05281991 - News Article - Franchising crime - Officer got behind mob scene



Franchising crime
Officer got behind mob scene
NWI Times
May 28, 1991
http://www.nwitimes.com/uncategorized/franchising-crime-officer-got-behind-mob-scene/article_325699ab-5c89-55ec-8966-5356562b0e96.html
Gamblers connected to the Outfit-controlled rackets in Northwest Indiana figured they had a friend in Lt. Fred Bemish, head of the Gary Police vice squad.

They figured wrong.

From October 1984 to May 1986, Bemish took bribes from these gambling figures, from the low levels up to the mob's man on the street, Anthony Leone.

In return, he promised protection from the Gary police and would stage raids on non-paying competitors.

All the time, he was compiling information that led to the indictment of Leone and more than a dozen others in 1988 on illegal gambling charges.

It was a lonely game Bemish played. "Only one or two others inside the department knew I was doing this," he said. "The others, I guess they just thought I was making some money on the side."

Bemish had done some undercover work before in his 21-year career with the Gary department, before he retired in 1986, and said going up against crime syndicate figures was just part of the job.

"I was careful, but you're always careful. But I was never threatened, before or after they knew what I was really doing," he said. "My primary mission was to meet with these people and gather information."

It began when Chief Deputy Inspector Cobie Howard, now Gary chief, approached Bemish and told him he had been "talked to" about which police officers needed to be bribed for police cooperation.

"They (gamblers) knew what I did, that I was commander of the Public Morals Bureau," Bemish said. "They came to me. All I had to do was play to their greed. I presented myself as a corrupt officer, and the greed factor took over."

It began with some of the street-level gambling operators. "Donaldson paid me, then he brought me Shivers. Then Shivers brought me some other people," he said. "It just mushroomed over a period of time."

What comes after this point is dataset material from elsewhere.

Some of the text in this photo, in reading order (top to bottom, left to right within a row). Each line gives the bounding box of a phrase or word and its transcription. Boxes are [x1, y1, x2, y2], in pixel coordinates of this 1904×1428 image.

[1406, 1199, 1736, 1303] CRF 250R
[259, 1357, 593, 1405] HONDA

Charles E. Donaldson, of Gary, owner of the West Side Lounge at Fifth Avenue and Chase Street, and Richard L. Shivers, also of Gary, were arrested July 27, 1988, on gambling charges.

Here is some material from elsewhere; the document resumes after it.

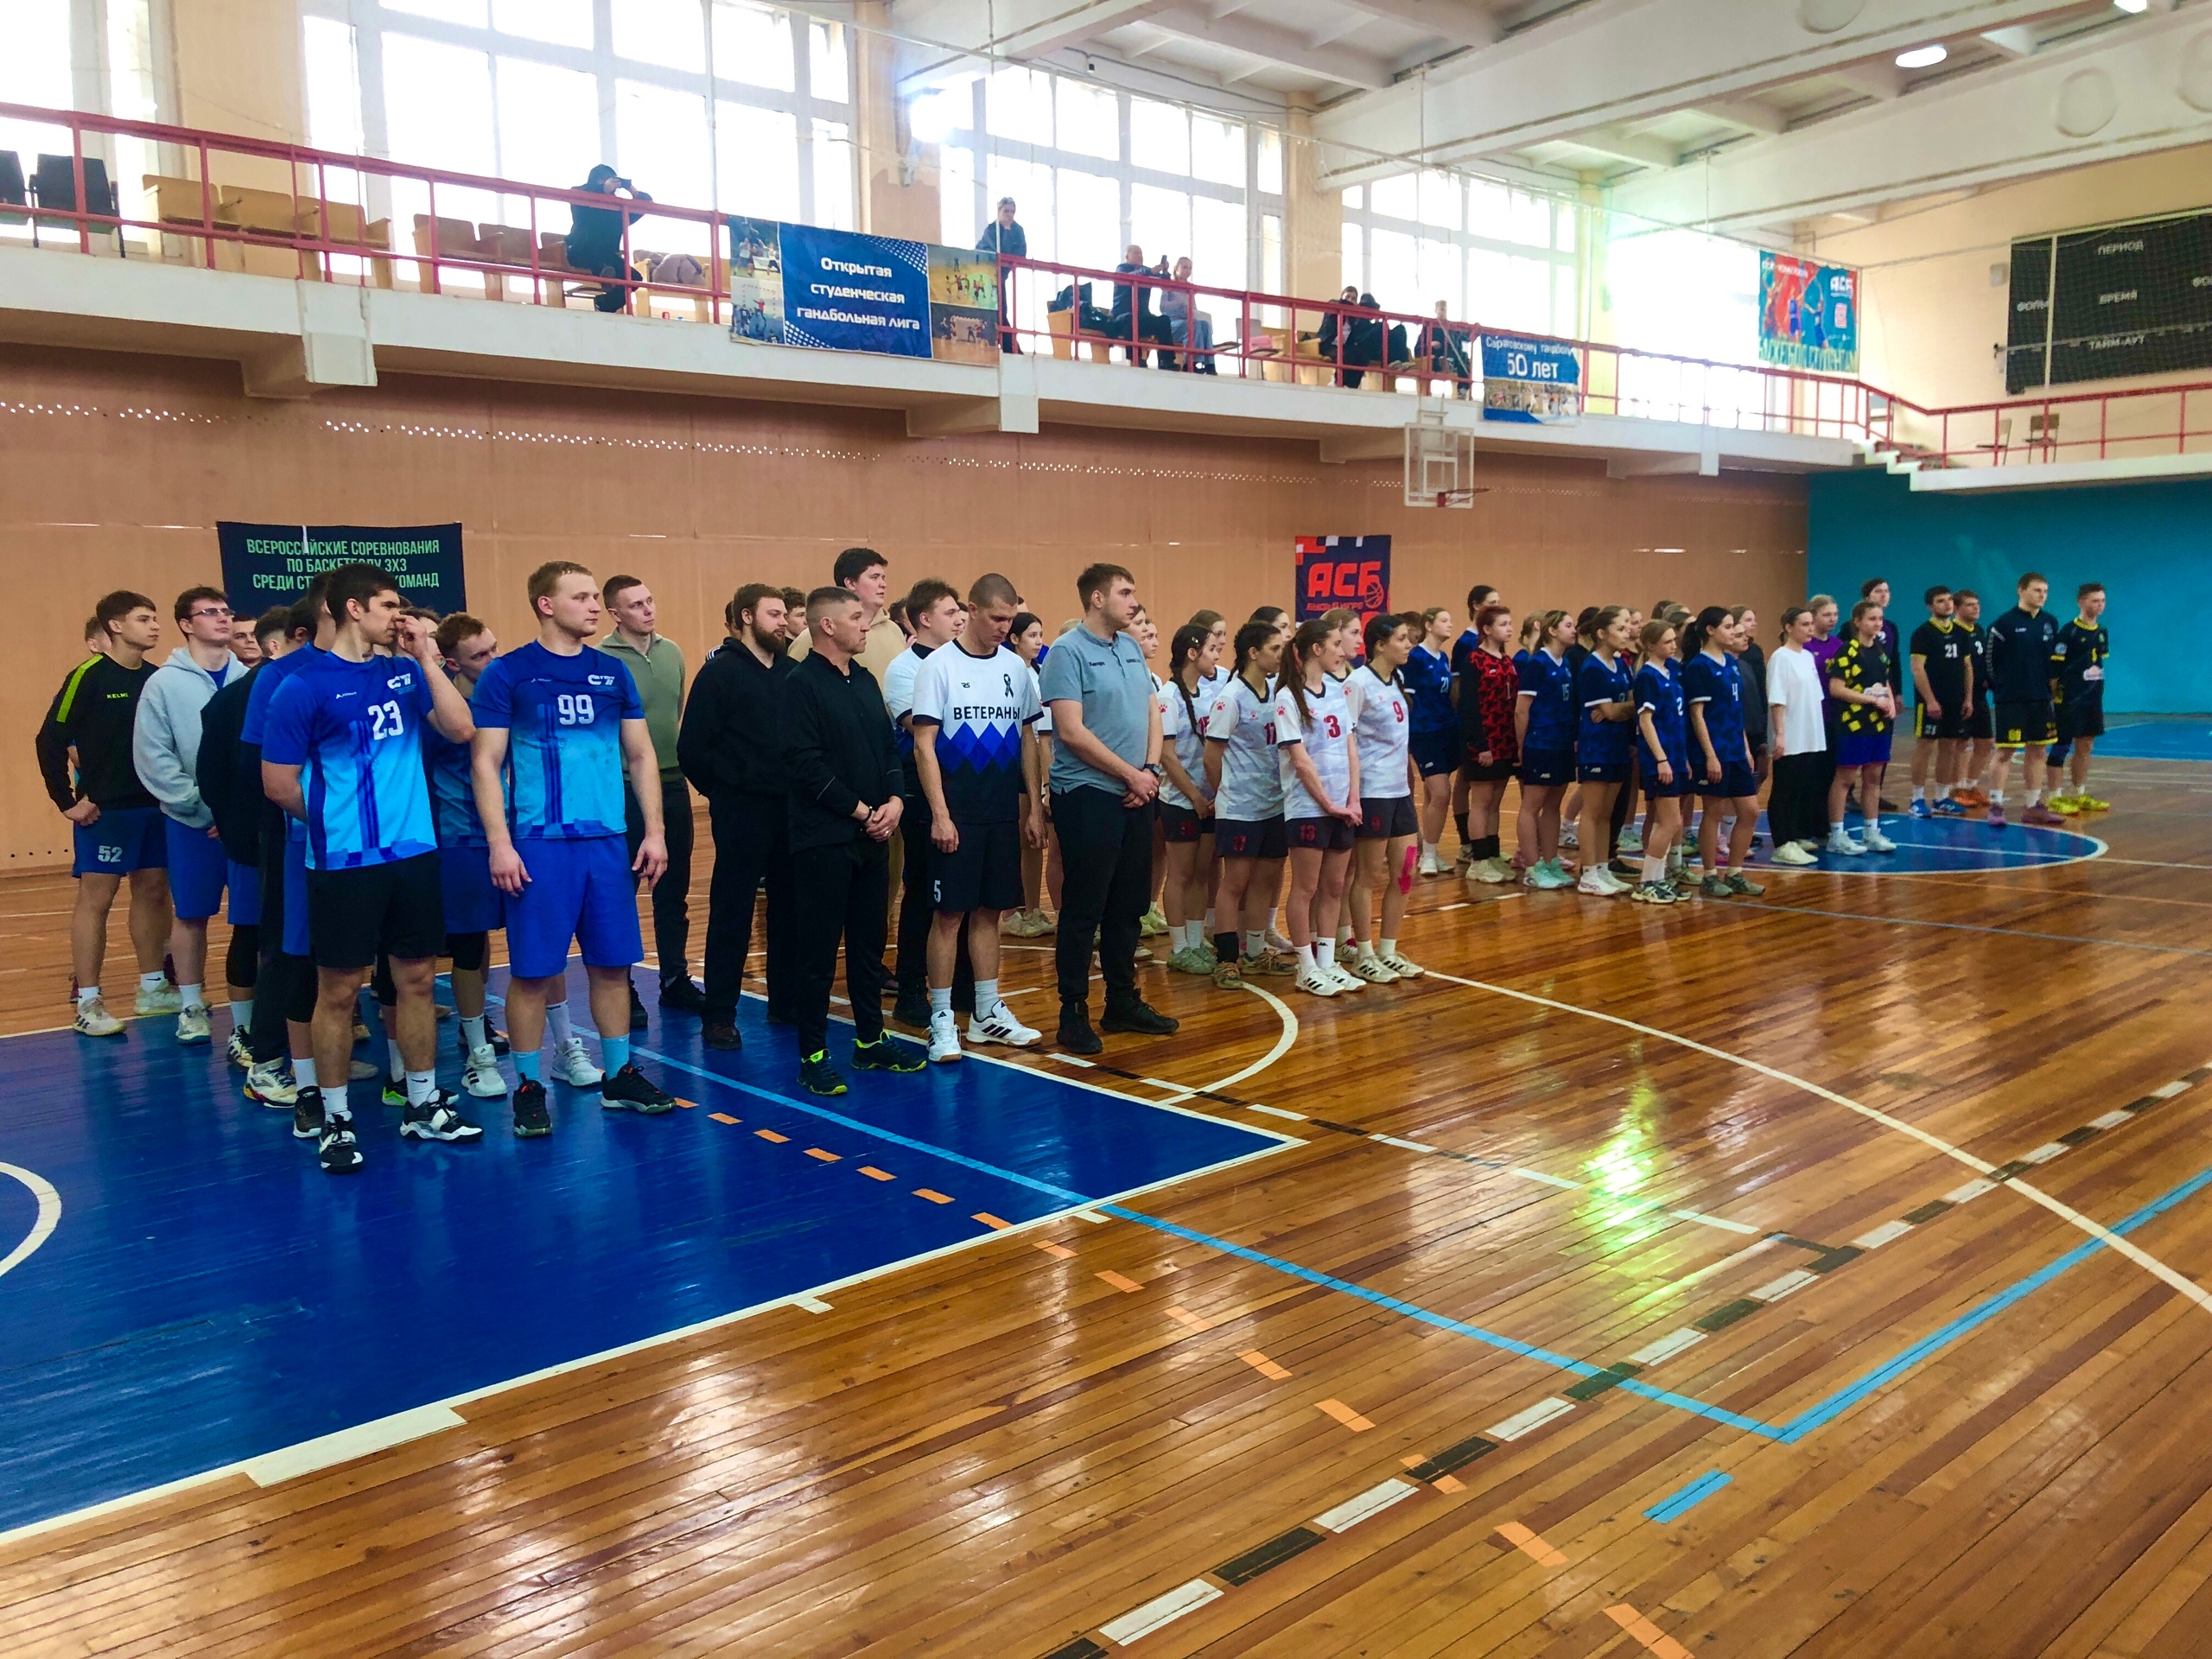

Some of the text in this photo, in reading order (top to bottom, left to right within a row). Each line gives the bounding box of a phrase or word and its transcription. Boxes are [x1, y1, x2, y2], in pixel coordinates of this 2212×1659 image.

Following their federal convictions, Donaldson got a two-month work release sentence and was fined $15,000 and Shivers was given 18 months in prison and fined $3,000.

It worked to the point where Bemish met with Leone, former mill foreman and pizza maker turned Outfit "street tax" collector, about bigger fish.

"Leone wanted me to meet with Nuzzo and Steve Sfouris, but that never materialized," Bemish said, mostly due to his retirement. "Sure, I wish I could have gone on with it, but I had an opportunity to make more in the private sector and I had to think of myself and my family first."

Sam Nuzzo Jr. is described by the FBI as controlling 80 percent of the card and dice gambling in Northwest Indiana; Steve Sfouris allegedly ran large scale dice games from restaurants in East Chicago and Gary and ran an adult book store and a lounge that was a prostitution front.

Both were indicted for racketeering in December 1990. Nuzzo is incarcerated awaiting trial; Sfouris has allegedly fled the country for Greece.

Leone and Bemish would meet in Leone's black Cadillac outside McDuffy's Restaurant in Portage, according to Bemish. "Leone'd come out in that Cadillac, what a sleazeball," Bemish said. "Always crying about how poor he was, how short of money and he's driving a Cadillac with a car phone."

Over the weeks and months, Bemish worked to gain the trust of operators like Vincente "Pee Wee" Lozada, of Merrillville, who ran an illegal lottery.

"There was a trust factor there. Pee Wee checked me out thoroughly, asked some of his contacts on the (Gary) force about me, asked me straight out if I was with the feds, if I was working with the FBI," Bemish said. "I told him I had a real job. So Lozada felt I was like him, just trying to hustle a buck.

"He wouldn't even talk to me at the trial. He thought I betrayed him because I was honest. He saw honesty as betrayal. What can you do?"

Lozada, indicted along with Leone in 1988, was convicted and given three years in prison. He is now out.